Escaping from a dominant-negative KRAS using REPLACE

A dominant-negative gene therapy approach has been proposed and tested on proto-oncogene KRAS, wherein the oncogenic activity (and cell proliferation) of KRAS can be suppressed by introducing a dominant-negative KRAS allele (S17N). We employed REPLACE to conduct continuous evolution on KRAS (S17N) and examined its potential pathways for conferring resistance in this gene therapy methodology. Overall design: KRAS (S17N) cDNA was cloned into the repRNA-v4-derived vector. The vector was in vitro transcribed into RNA and the resulting RNAs were electroporated into aforementioned host cells. Medium was replaced with fresh medium containing 10 µg/mL puromycin 24 h post-electroporation (i.e., Day 1). After 4 d of selection (i.e., Day 5), approximately 2 million cells were transferred to a new 10-cm dish and subjected to RNA mutagenesis using molnupiravir (2 µM).
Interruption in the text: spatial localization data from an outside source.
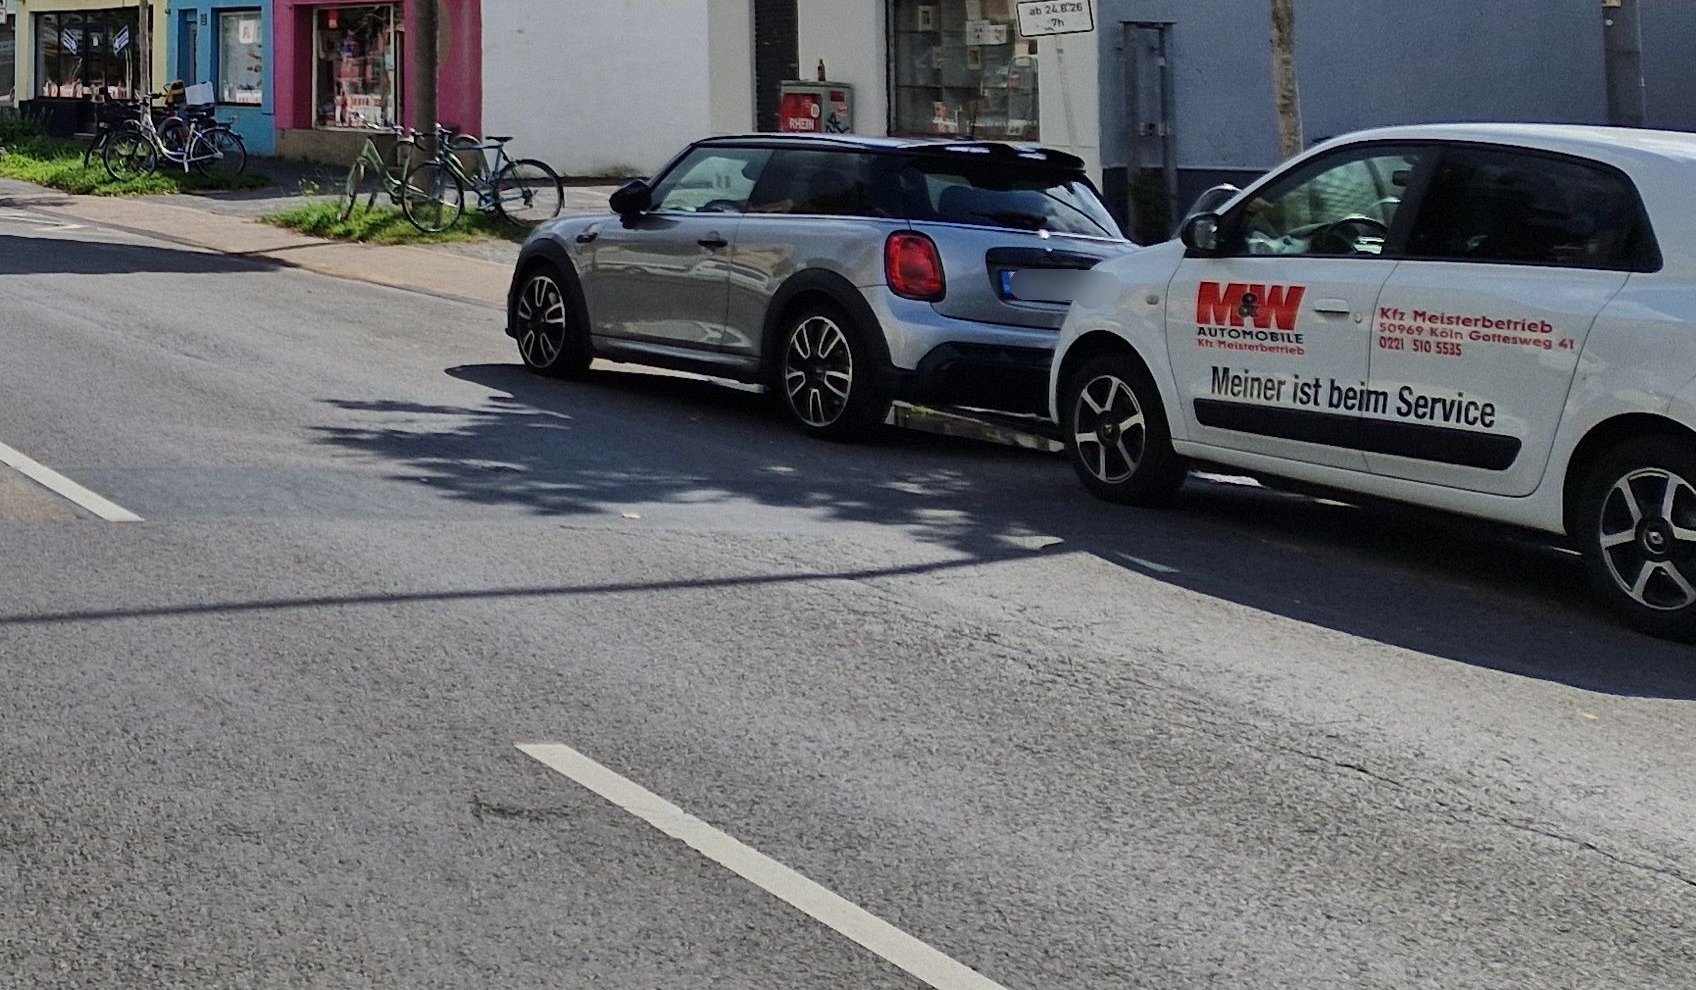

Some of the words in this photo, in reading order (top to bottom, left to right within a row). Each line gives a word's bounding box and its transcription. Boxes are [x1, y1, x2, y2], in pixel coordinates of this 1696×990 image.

[1029, 6, 1042, 16] ab
[1380, 307, 1406, 322] Kfz
[1413, 310, 1553, 334] Meisterbetrieb
[1197, 326, 1304, 345] AUTOMOBILE
[1379, 322, 1424, 335] 50969
[1429, 327, 1464, 340] Köln
[1469, 330, 1552, 351] Gottesweg
[1558, 338, 1575, 350] 41
[1197, 338, 1214, 348] Kfz
[1218, 339, 1305, 356] Meisterbetrieb
[1379, 336, 1404, 351] 0221
[1412, 338, 1432, 354] 510
[1435, 341, 1463, 357] 5535
[1211, 364, 1287, 403] Meiner
[1292, 373, 1322, 407] ist
[1328, 377, 1389, 415] beim
[1396, 384, 1496, 429] Service
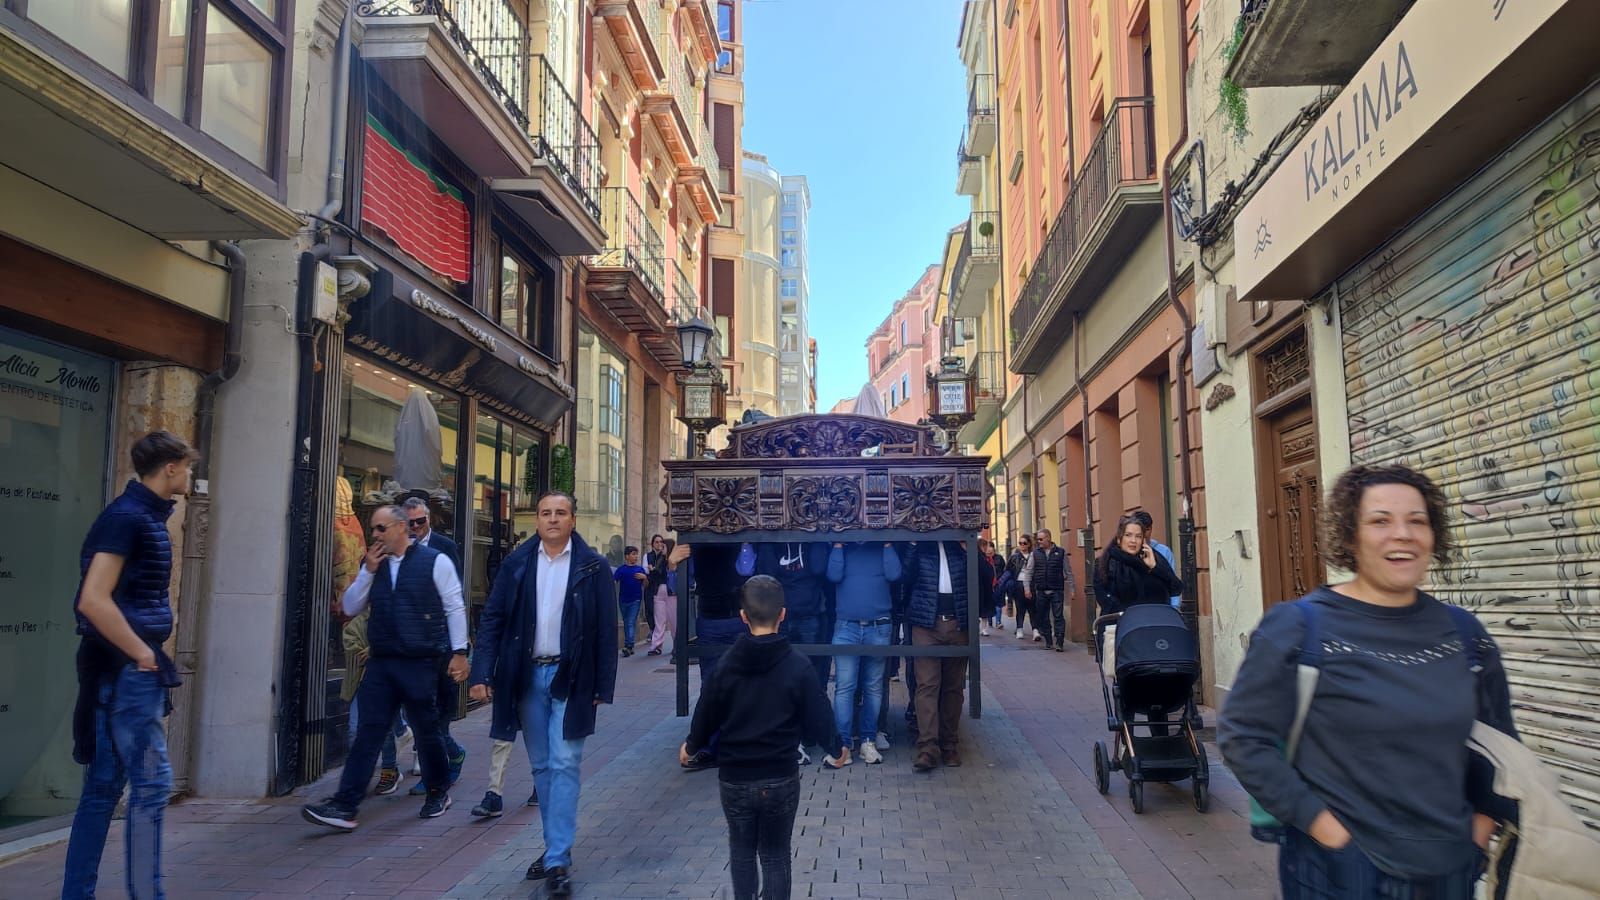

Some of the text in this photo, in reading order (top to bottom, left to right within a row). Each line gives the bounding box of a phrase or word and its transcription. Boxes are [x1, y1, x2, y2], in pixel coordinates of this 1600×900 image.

[1304, 40, 1418, 202] KALIMA
[1332, 139, 1386, 201] NORTE
[0, 354, 101, 393] Alicia Morillo
[0, 383, 34, 398] ENTRO
[37, 391, 49, 402] DE
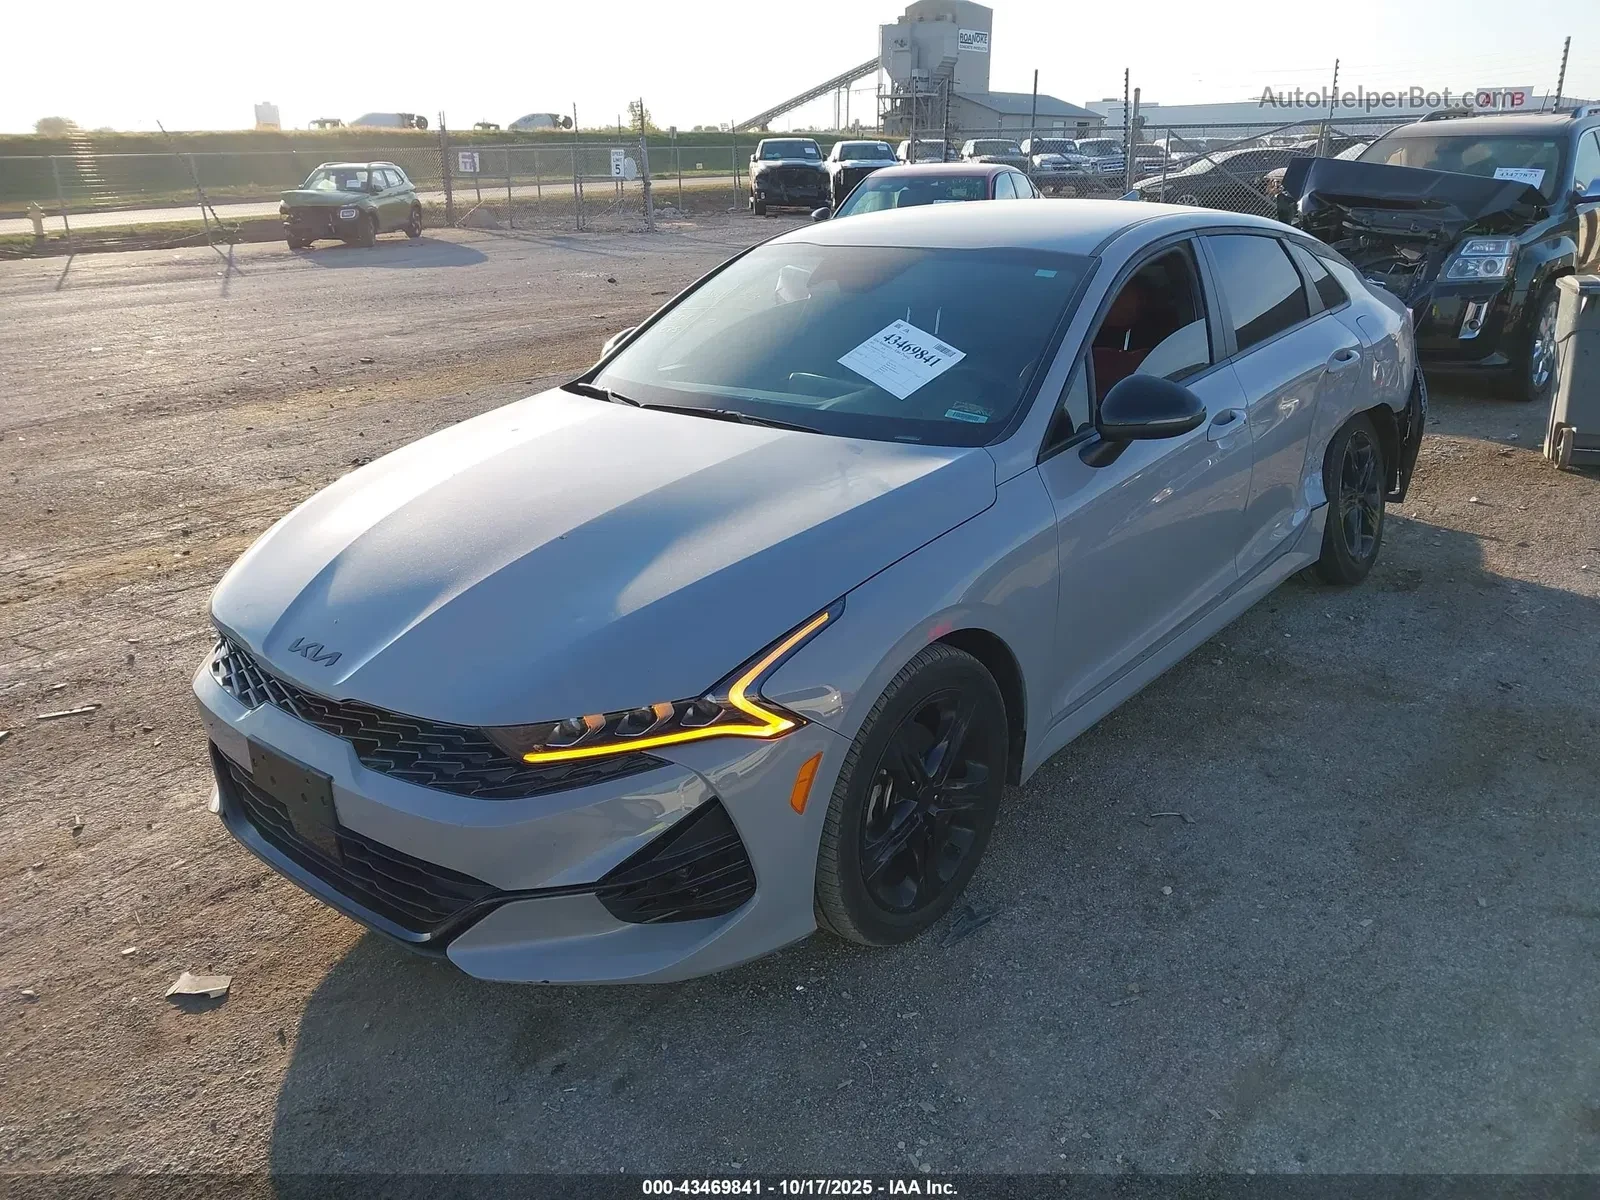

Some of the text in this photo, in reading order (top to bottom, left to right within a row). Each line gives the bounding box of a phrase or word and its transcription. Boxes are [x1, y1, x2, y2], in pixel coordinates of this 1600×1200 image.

[960, 32, 988, 45] ROANOKE
[615, 163, 621, 175] 5
[883, 333, 942, 368] 43469841
When the plate reached approximately 90% confluence, the cells were consistently subcultured at a 1:5 ratio and the medium was daily replenished with 10 µg/mL puromycin and 2 µM molnupiravir treatment. The remaining cells were partially cryopreserved as backup and partially utilized for RNA extraction and mutation analysis. After another 9 d of culture, cells were harvested for total RNA extraction, sequencing, and mutation analysis. As a control, analogous experiments were conducted utilizing wild-type KRAS.